ACTIVITY: Leaving the pictures aside, repeat the entries exactly.

SOURCE DATA:
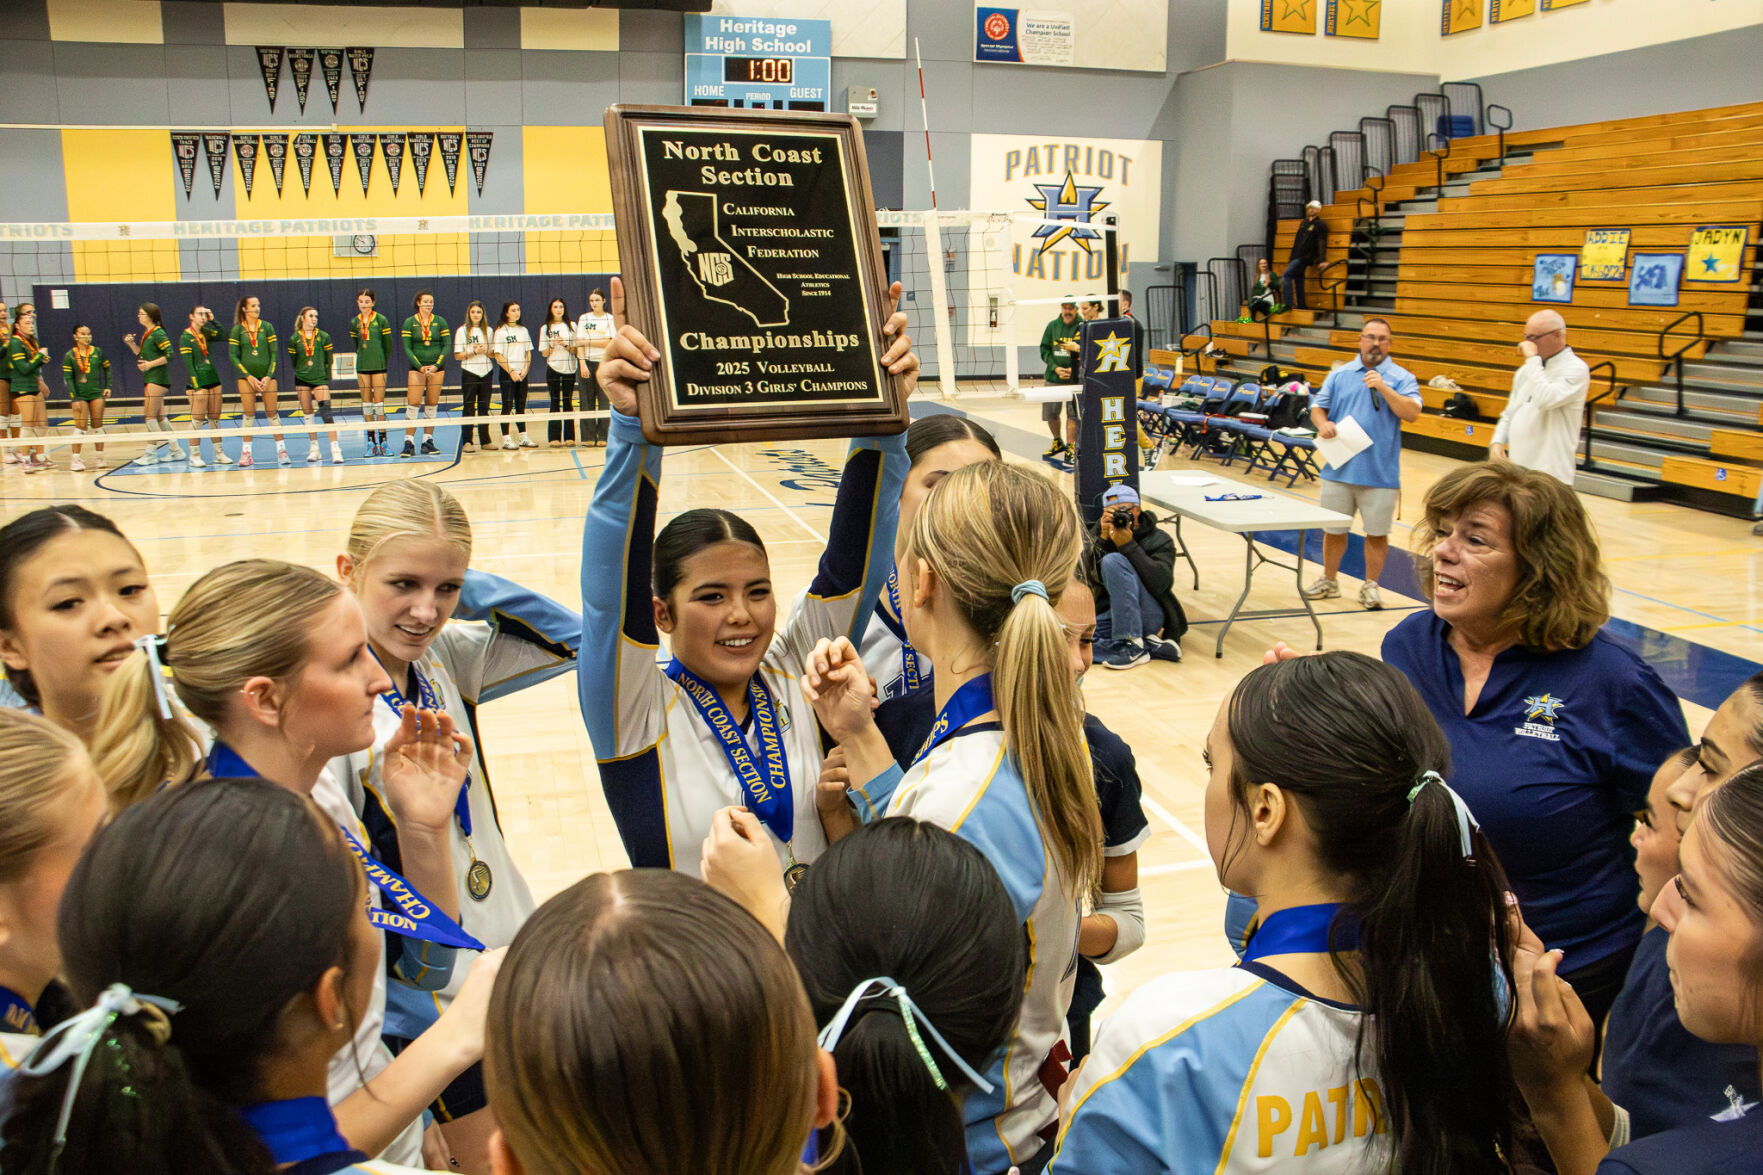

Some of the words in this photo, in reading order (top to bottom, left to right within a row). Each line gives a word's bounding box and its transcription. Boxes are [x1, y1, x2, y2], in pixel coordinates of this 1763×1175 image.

[720, 19, 797, 37] Heritage
[705, 36, 746, 53] High
[751, 38, 812, 53] School
[749, 59, 791, 82] 1:00
[694, 85, 724, 97] HOME
[789, 87, 823, 99] GUEST
[745, 92, 771, 100] PERIOD
[662, 140, 740, 161] North
[751, 143, 823, 164] Coast
[1004, 143, 1133, 187] PATRIOT
[701, 166, 794, 187] Section
[723, 202, 796, 217] CALIFORNIA
[173, 220, 275, 235] HERITAGE
[280, 218, 378, 233] PATRIOTS
[468, 215, 563, 229] HERITAGE
[731, 224, 835, 238] INTERSCHOLASTIC
[1588, 230, 1630, 244] ADDIE
[1694, 229, 1742, 245] JADYN
[747, 245, 820, 258] FEDERATION
[697, 252, 735, 287] NCS
[506, 335, 517, 344] SM
[679, 330, 860, 354] Championships
[716, 361, 750, 376] 2025
[757, 360, 835, 374] VOLLEYBALL
[686, 382, 742, 396] DIVISION
[744, 380, 754, 394] 3
[800, 379, 868, 393] CHAMPIONS
[1101, 396, 1130, 486] HER
[679, 672, 716, 708] NORTH
[707, 706, 742, 747] COAST
[730, 746, 773, 804] SECTION
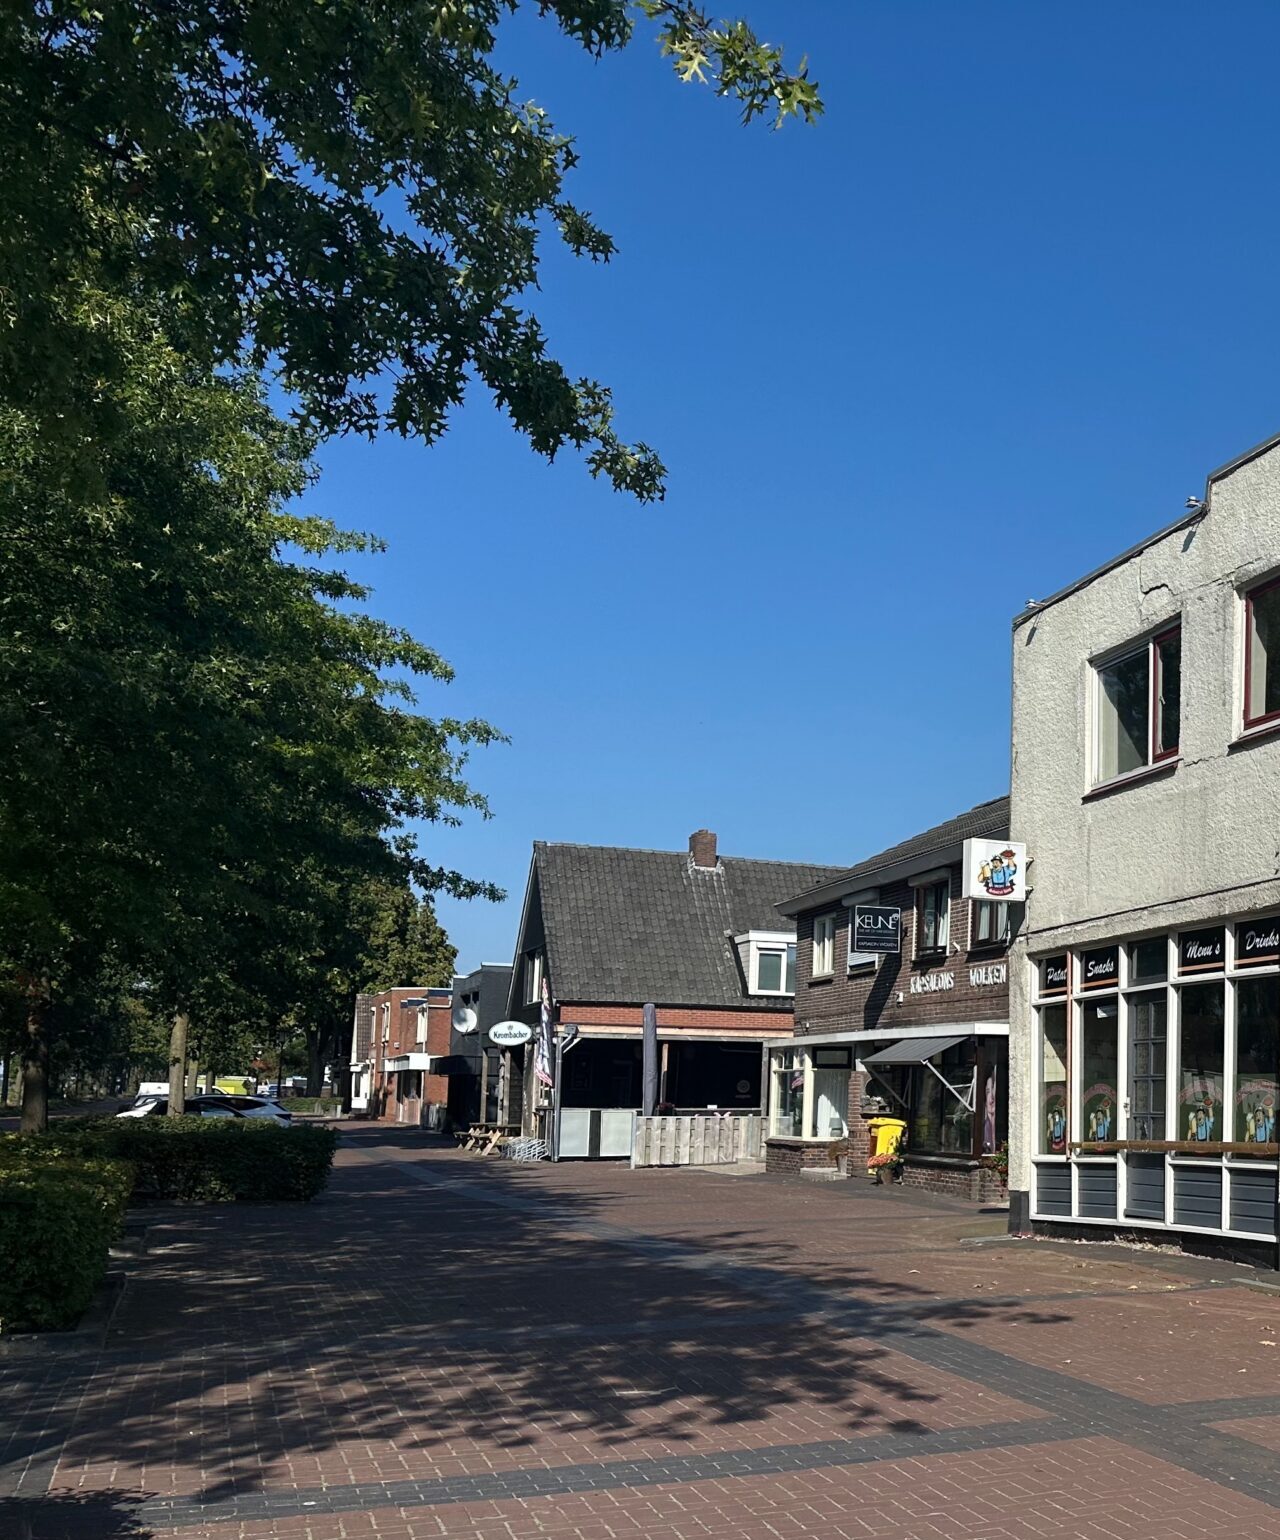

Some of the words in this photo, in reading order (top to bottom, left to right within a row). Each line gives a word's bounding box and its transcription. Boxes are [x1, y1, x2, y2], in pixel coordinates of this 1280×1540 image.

[856, 914, 898, 930] KEUNE
[1186, 937, 1221, 959] Menu's
[1245, 928, 1280, 951] Drinks
[1046, 966, 1068, 984] Patat
[1086, 957, 1114, 977] Snacks
[910, 972, 955, 994] KAPSALONS
[969, 963, 1007, 986] WOLKEN
[493, 1031, 528, 1039] Krombacher

RESPONSE TO THE TASK:
Some of the words in this photo, in reading order (top to bottom, left to right within a row). Each line gives a word's bounding box and its transcription. Boxes are [x1, y1, x2, y2], in pixel coordinates of this 1763×1175 image.

[720, 19, 797, 37] Heritage
[705, 36, 746, 53] High
[751, 38, 812, 53] School
[749, 59, 791, 82] 1:00
[694, 85, 724, 97] HOME
[789, 87, 823, 99] GUEST
[745, 92, 771, 100] PERIOD
[662, 140, 740, 161] North
[751, 143, 823, 164] Coast
[1004, 143, 1133, 187] PATRIOT
[701, 166, 794, 187] Section
[723, 202, 796, 217] CALIFORNIA
[173, 220, 275, 235] HERITAGE
[280, 218, 378, 233] PATRIOTS
[468, 215, 563, 229] HERITAGE
[731, 224, 835, 238] INTERSCHOLASTIC
[1588, 230, 1630, 244] ADDIE
[1694, 229, 1742, 245] JADYN
[747, 245, 820, 258] FEDERATION
[697, 252, 735, 287] NCS
[506, 335, 517, 344] SM
[679, 330, 860, 354] Championships
[716, 361, 750, 376] 2025
[757, 360, 835, 374] VOLLEYBALL
[686, 382, 742, 396] DIVISION
[744, 380, 754, 394] 3
[800, 379, 868, 393] CHAMPIONS
[1101, 396, 1130, 486] HER
[679, 672, 716, 708] NORTH
[707, 706, 742, 747] COAST
[730, 746, 773, 804] SECTION

Some of the words in this photo, in reading order (top to bottom, left to right within a row). Each line gives a word's bounding box and its transcription. Boxes are [x1, y1, x2, y2], in pixel coordinates of this 1280×1540 image.

[856, 914, 898, 930] KEUNE
[1186, 937, 1221, 959] Menu's
[1245, 928, 1280, 951] Drinks
[1046, 966, 1068, 984] Patat
[1086, 957, 1114, 977] Snacks
[910, 972, 955, 994] KAPSALONS
[969, 963, 1007, 986] WOLKEN
[493, 1031, 528, 1039] Krombacher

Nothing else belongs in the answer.